16. Seasons since Army won the Commander-in-Chief's Trophy. In 1996, the then-Cadets (now Black Knights) beat Air Force, 23-7, and Navy, 28-24. With their strangely dominant 41-21 win over Air Force on Saturday, they took one step toward winning the trophy for the first time since this year's freshmen were about three years old. Now, all that stands in the way is a win over Navy … who has beaten Army every year since 2001. To end one long streak, Army must end another, too.

7.3. Yards per pass attempt averaged by LSU's Zach Mettenberger against Alabama. It was the first time all season that a starting quarterback had averaged better than 7.0 and only the third time one averaged better than a paltry 5.2 (Tennessee's Tyler Bray averaged 6.8, and Michigan's Denard Robinson averaged 7.0 with some serious help from garbage time). This was the Mettenberger LSU fans hoped to see this year, the guy who would take the Tigers' offense to a new level. He almost did on Saturday night in Baton Rouge (that his receivers held onto the ball was encouraging, too). Now let's see what happens following the hangover.

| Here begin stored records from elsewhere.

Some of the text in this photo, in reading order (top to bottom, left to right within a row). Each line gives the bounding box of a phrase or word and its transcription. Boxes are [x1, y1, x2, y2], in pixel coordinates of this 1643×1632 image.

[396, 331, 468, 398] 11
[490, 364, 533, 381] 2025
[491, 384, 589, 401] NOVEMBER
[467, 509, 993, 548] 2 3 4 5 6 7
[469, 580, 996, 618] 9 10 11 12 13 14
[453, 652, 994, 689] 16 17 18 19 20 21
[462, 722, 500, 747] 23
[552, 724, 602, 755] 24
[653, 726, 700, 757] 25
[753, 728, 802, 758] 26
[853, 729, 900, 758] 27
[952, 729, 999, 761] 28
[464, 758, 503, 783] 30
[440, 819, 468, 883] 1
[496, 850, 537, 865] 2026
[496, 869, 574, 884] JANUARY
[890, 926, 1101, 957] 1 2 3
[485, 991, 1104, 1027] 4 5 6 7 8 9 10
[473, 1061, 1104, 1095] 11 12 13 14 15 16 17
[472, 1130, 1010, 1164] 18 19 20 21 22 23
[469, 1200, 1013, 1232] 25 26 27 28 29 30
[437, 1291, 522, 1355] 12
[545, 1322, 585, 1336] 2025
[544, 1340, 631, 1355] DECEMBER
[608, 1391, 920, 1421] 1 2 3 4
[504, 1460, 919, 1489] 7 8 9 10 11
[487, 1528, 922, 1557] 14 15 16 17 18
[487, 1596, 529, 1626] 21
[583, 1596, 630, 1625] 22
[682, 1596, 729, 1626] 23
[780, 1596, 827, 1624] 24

5. Teams within a game of the Sun Belt conference lead. Arkansas State, UL-Monroe and a resurgent Middle Tennessee (fresh off of a road win over Western Kentucky) are all at 4-1, while WKU and UL-Lafayette stand at 3.2. I've said many times over the last couple of years that the Sun Belt has made some outstanding coaching hires. The result: old hands holding steady (Troy has rebounded to 3-3 in conference play, while Rick Stockstill has more than saved his job at MTSU at the moment), an SEC killer (UL-Monroe) losing by double digits at home, and schools with recent hires (Arkansas State, ULL) looking strong. And Mario Cristobal's Florida International Golden Panthers going 1-5 despite half the known universe approaching Cristobal to fill vacant coaching positions in the offseason. This is a really, really fun, competitive league.

3.4. Yards per pass attempt averaged by Nebraska's Taylor Martinez against Michigan State on Saturday. Martinez completed 16 of 36 passes for 160 yards, two touchdowns and three interceptions and was sacked twice for an enormous loss of 29 yards. Bad day, huh? Not exactly. In Martinez fashion, he also rushed 15 times for 234 yards and two touchdowns in a 28-24 Nebraska win.